--- What you will do ---
Exclude the images and transcribe the entries below precisely.

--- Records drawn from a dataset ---

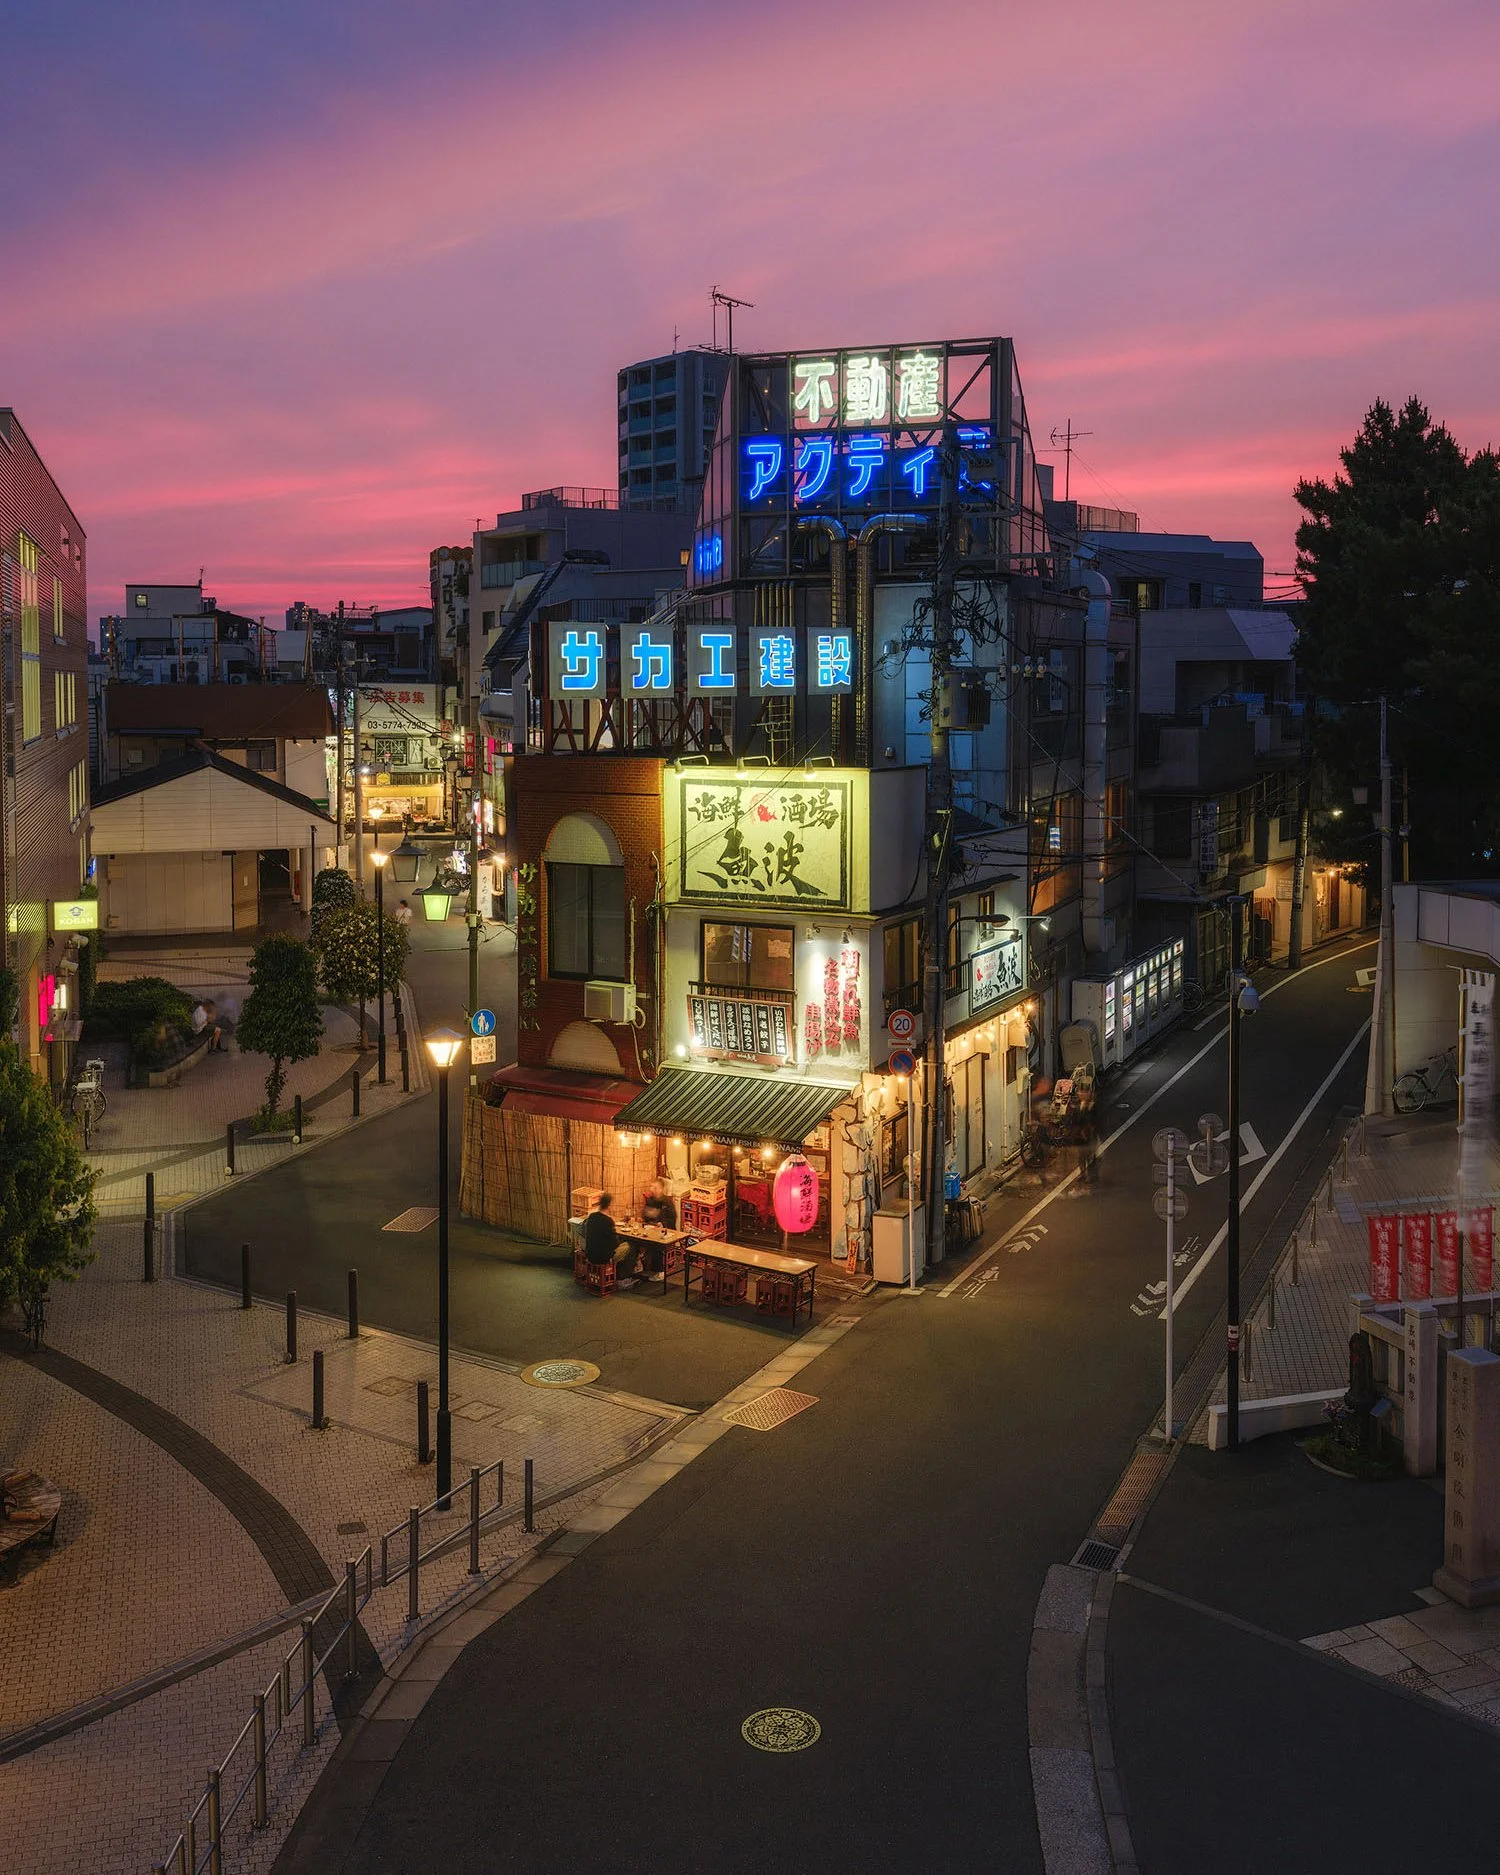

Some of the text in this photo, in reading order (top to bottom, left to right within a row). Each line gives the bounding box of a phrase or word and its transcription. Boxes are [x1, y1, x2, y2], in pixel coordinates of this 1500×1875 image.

[794, 353, 940, 422] 不動産
[561, 631, 850, 690] サカエ建設
[688, 786, 840, 830] 海鮮 酒場
[895, 1018, 910, 1031] 20
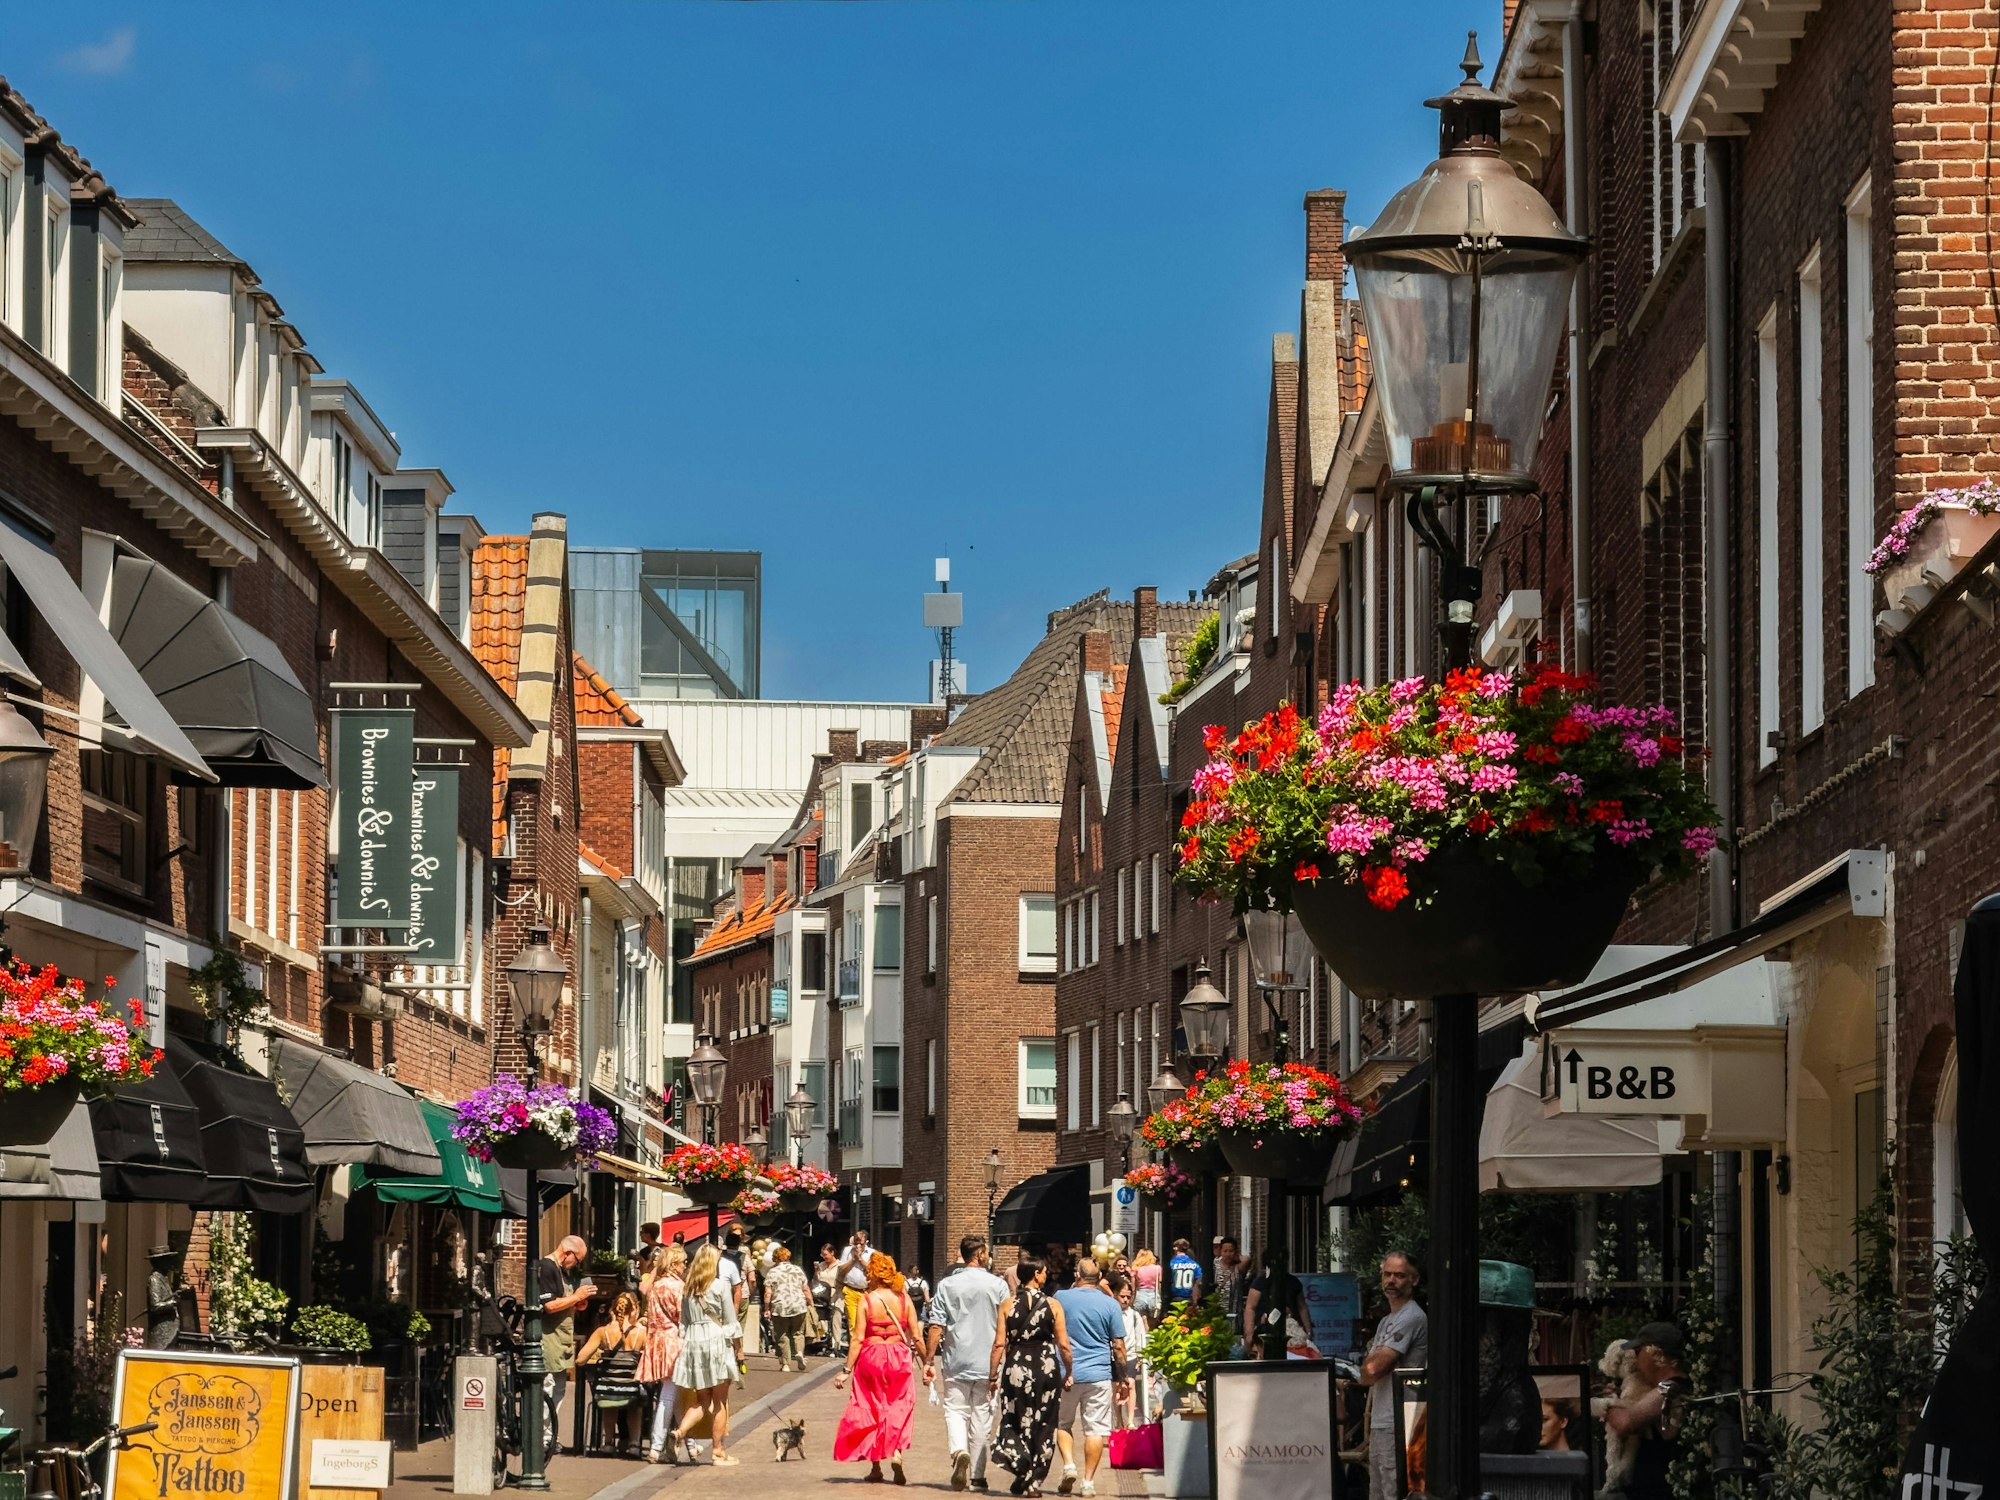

--- Response box ---
Some of the text in this photo, in reading order (top to bottom, left to right within a row). Each line gives the bounding box of a phrase or word and its transcription. Boxes are [x1, y1, x2, y2], in pixel coordinates of this 1500×1875 image.

[794, 353, 940, 422] 不動産
[561, 631, 850, 690] サカエ建設
[688, 786, 840, 830] 海鮮 酒場
[895, 1018, 910, 1031] 20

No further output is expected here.